Foliar nematodes (Aphelenchoides fragariae, A. ritzemabosi, and A. besseyi) also known as leaf and bud nematodes affect over 250 plant species in 47 families.  They prefer moist conditions and moderate temperatures.  Foliar nematodes cause damage by direct feeding on the foliage. Because they destroy the aesthetic value of the plants, there is no acceptable level of infection.  Strawberries, ferns, foliage plants, and vegetatively propagated potted ornamentals are important hosts.  Reported ornamental hosts include Begonia species, Dahlia hybrids, African daisy, Pelargonium species, cineraria, primrose, African violet, Hibiscus, Hydrangea, and Gloxinia.

Foliar nematodes cause angular, vein limited chlorotic to brown to purple or black, water soaked lesions and blotches. Lesion appearance can vary with light intensity, host plant, and the age of the lesion. Young leaves may exhibit distorted growth. Affected leaves eventually shrivel, but often remain attached to the plant. Association of foliar nematodes with fungal or bacterial pathogens can result in severe blight.  They can survive in the soil for a few months in association with plant debris, but they persist in a dehydrated state in plant tissue for up to three years. Foliar nematodes migrate by swimming up stems or along the surface of wet plant parts.  Spread within a greenhouse is most often with splashing irrigation water. They enter the plant either through the stomates or by direct penetration and reproduce within the leaves. Their entire life cycle can be completed within 14 days, resulting in very rapid development. The most likely source of infestation is through infected but asymptomatic plants or cuttings.
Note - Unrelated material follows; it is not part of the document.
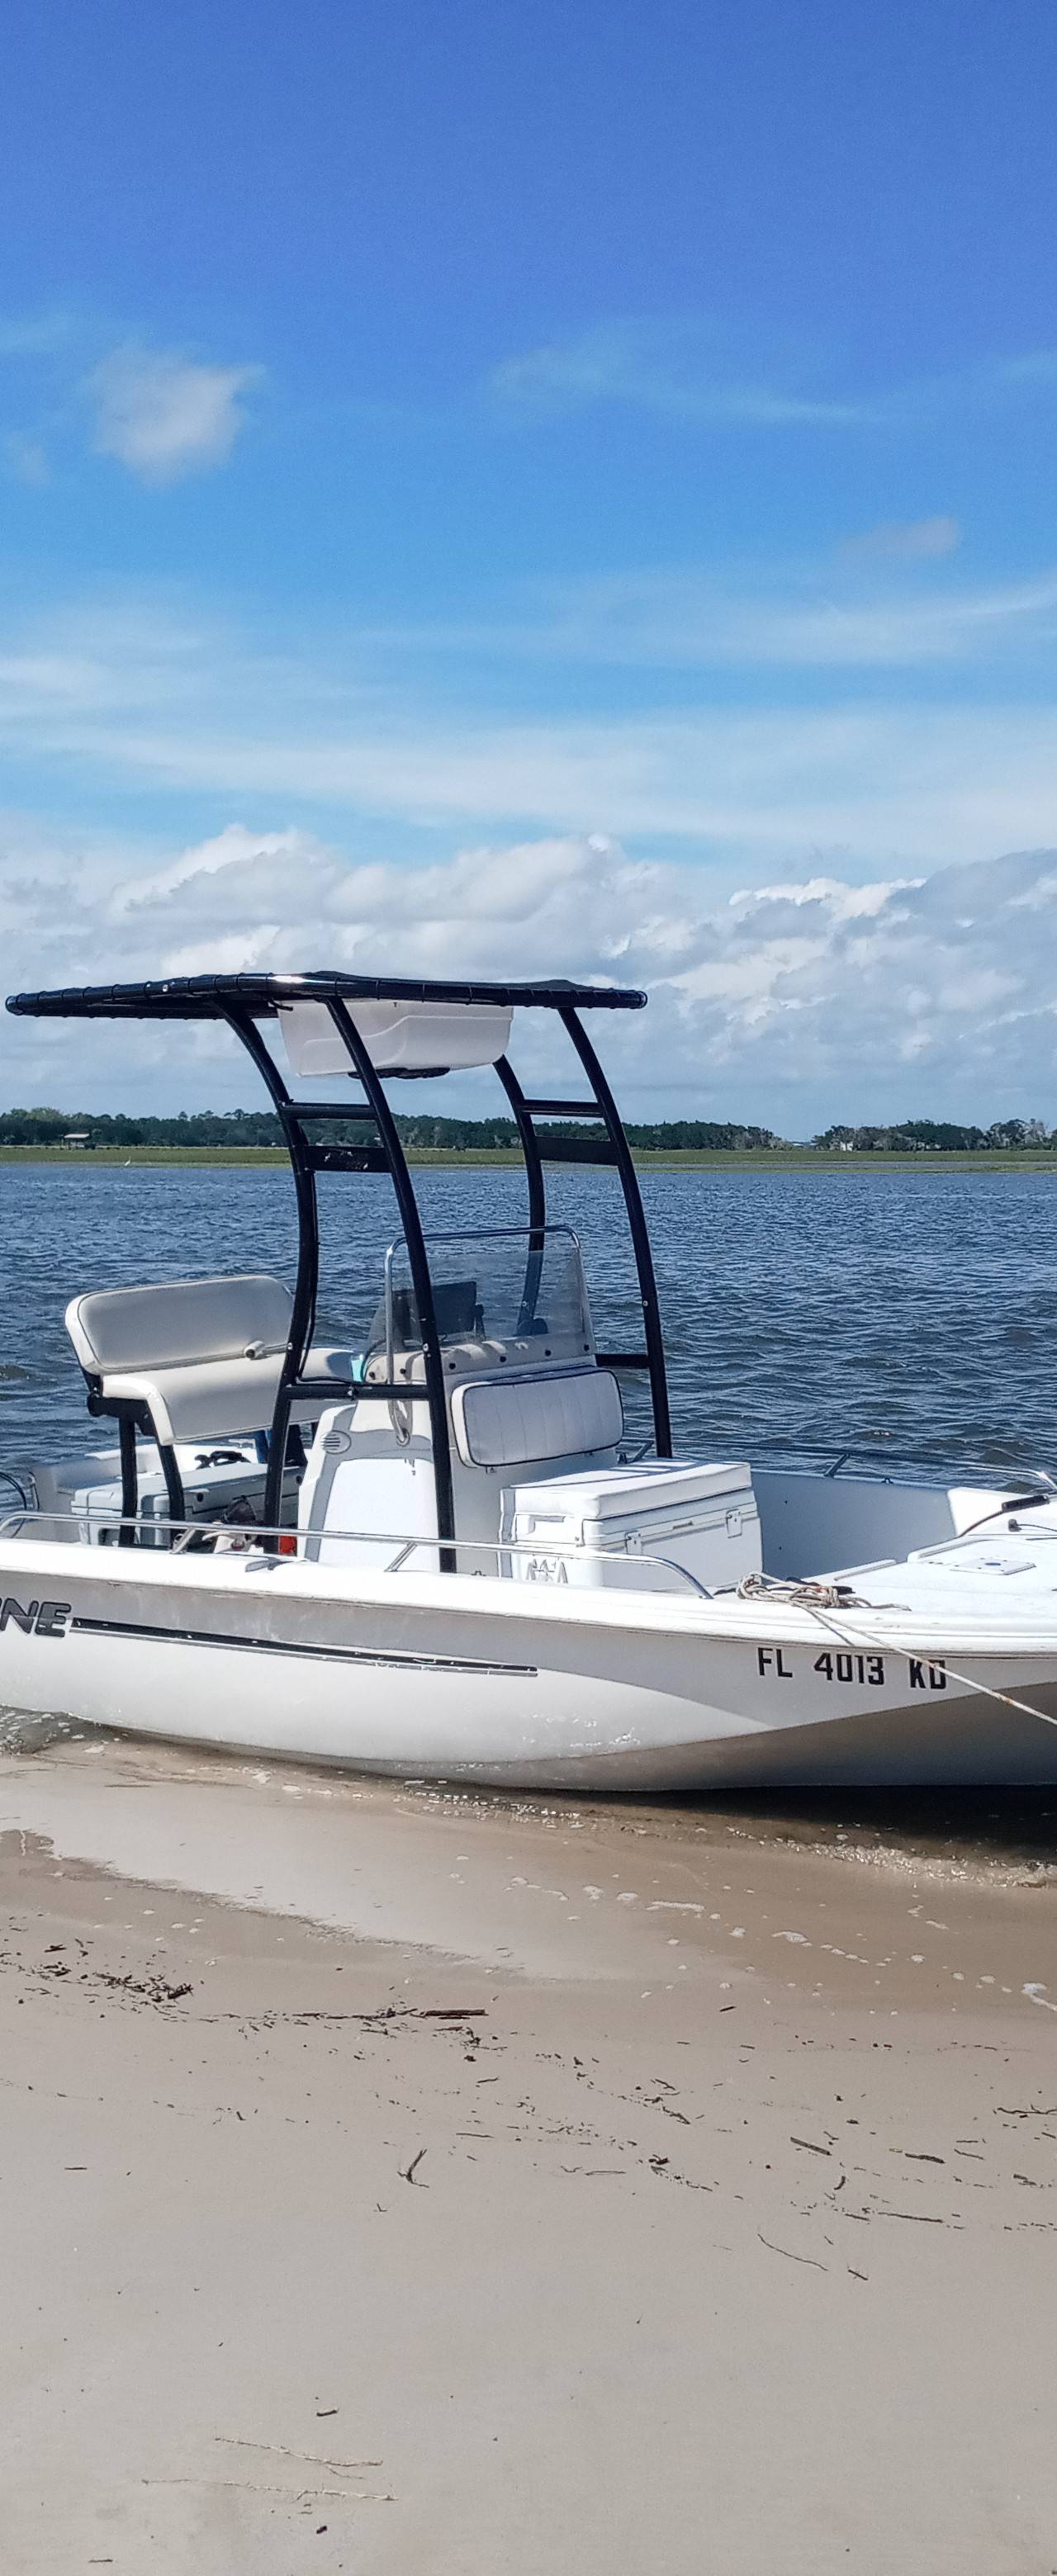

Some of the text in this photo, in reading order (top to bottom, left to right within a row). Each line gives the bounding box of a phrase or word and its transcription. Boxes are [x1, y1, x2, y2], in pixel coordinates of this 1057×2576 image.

[0, 1598, 72, 1638] NE
[757, 1647, 793, 1678] FL
[813, 1652, 884, 1685] 4013
There are no registered chemicals for control of foliar nematodes. Avoidance of infected cuttings, seedlings, or vegetative propagation material is the most important means of control.  Common hosts should be regularly inspected, especially when new plants are introduced into the greenhouse.  Affected plants should be discarded. Many common weeds are hosts, so eradicate weeds within and adjacent to the greenhouse.  Reduce leaf and stem wetness by proper plant spacing and subirrigation. Hot water treatment for 5 minutes at 50˚C (122˚F) can eliminate the nematodes, but some plants may be injured by this process.  Easter lily bulblets can be dipped in hot water at 52˚C (125˚F) for 10 minutes prior to planting. Hot water treatment must be performed very carefully because the potential for plant injury is high.

References

Daughtrey, M.L. et al. 1995. Compendium of Flowering Plant Diseases.  APS Press.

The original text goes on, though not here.